There are other vaccines that last longer. The Tdap (tetanus-diphtheria vaccine), for example, requires a booster every 10 years. The polio vaccine is a four-dose vaccine – you get four doses and you’re done. Hepatitis B is a three-dose vaccine.
It’s possible that Covid-19 will be three or four doses, and we’re done, or it may need to be updated more frequently like the flu. Again, we don’t know yet. If it ends up being something yearly and the seasonal pattern seems similar to the flu, it would be a good idea to have a combination vaccine – or at least get it at the same time as the flu shot.
VSNN: Why aren’t there any variant-specific vaccines that target Omicron?
Magnifying glass: Scientists are currently working on these vaccines.
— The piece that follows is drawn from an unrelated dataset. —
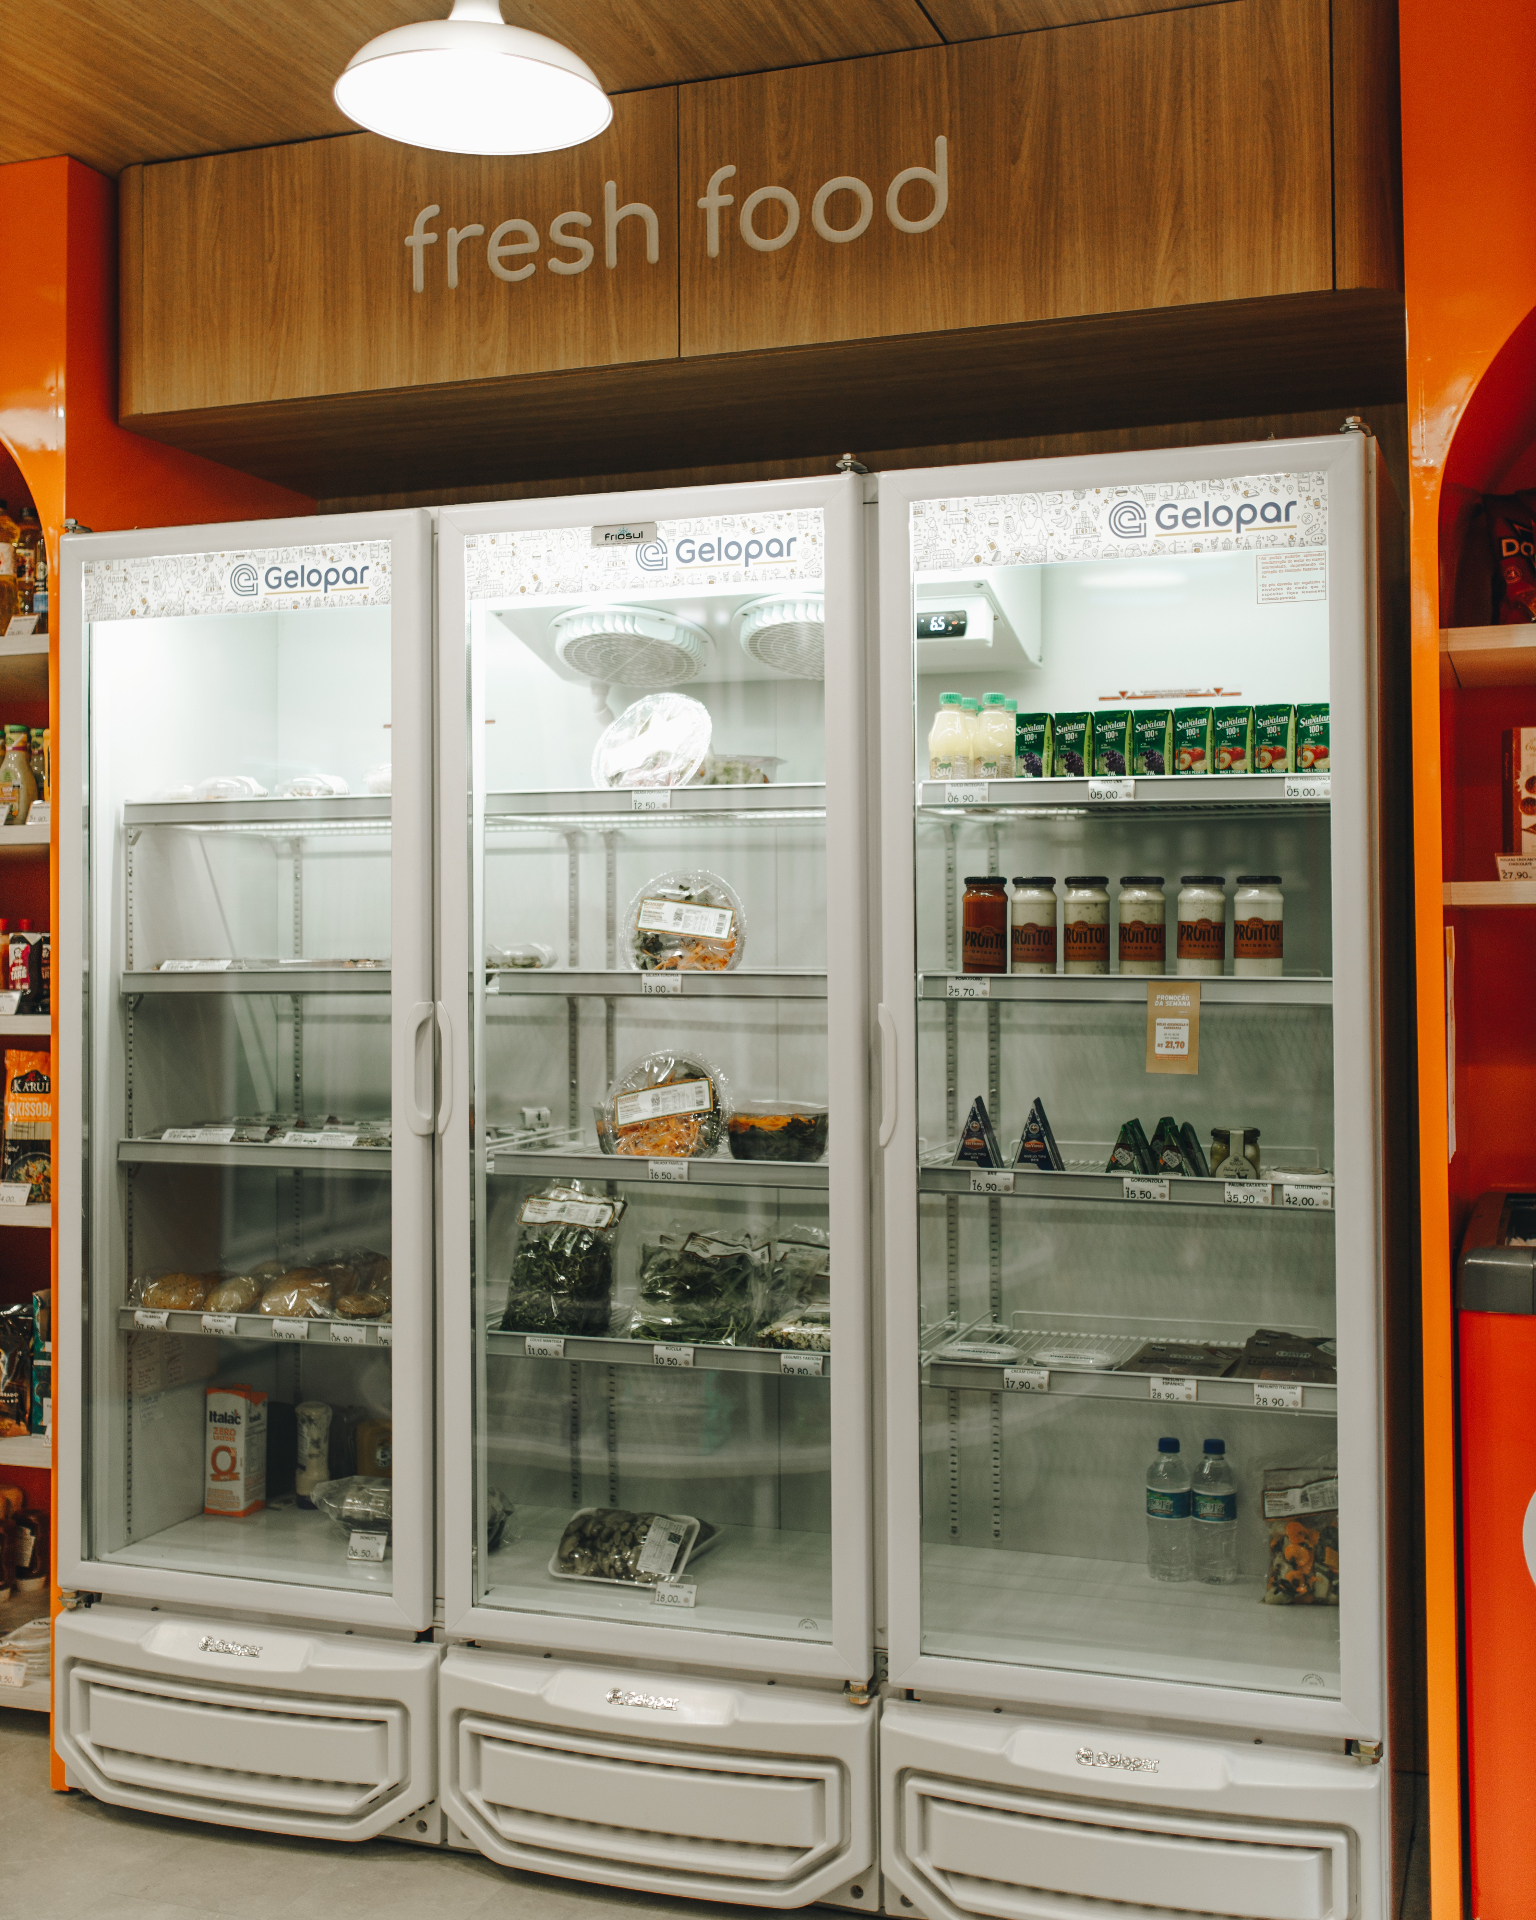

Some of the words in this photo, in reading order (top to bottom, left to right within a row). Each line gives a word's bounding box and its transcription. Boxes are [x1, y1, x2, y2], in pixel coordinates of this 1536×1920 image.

They are testing Omicron-specific vaccines and boosters to see if they might be even more effective than the original vaccines, which targeted previously dominant variants.
One consideration is that additional variants may arise, and scientists should consider whether Omicron-specific vaccines or the original vaccine – or a combination – will be most likely to be effective against potential variants in the future. It was one of many issues that US Food and Drug Administration advisers discussed at their meeting this week.
CNN: If people are eligible for boosters now, should they get them or should they wait?
Magnifying glass: It depends on the individual’s medical situation and what they are willing to give up to avoid Covid-19, as I mentioned in our CNN Q&A last week. Someone over 65 and/or immunocompromised should probably get the extra booster now.
On the other hand, someone who is between the ages of 50 and 65, has no medical issues, and has recently had an Omicron infection, could probably wait. Some people may defer an additional booster as long as they are well protected against serious illness. Others want to avoid any infection, even mild and asymptomatic. These are all personal decisions to be made in consultation with your medical provider.
CNN: What’s your reminder advice for those under 50? Should people get their first reminder? And should they go for their second?
Magnifying glass: Everyone should receive their first reminder if they are eligible. The issue of the second reminder is more complex. If the person is under 50 and moderately or severely immunocompromised, they should also receive their second booster. Another group who should receive their second booster, even if they are under 50, are those who have received two doses of the Johnson & Johnson vaccine, and it has been at least four months since their last dose. All other groups under 50 are not eligible to receive their second booster at this time and should not opt for their second.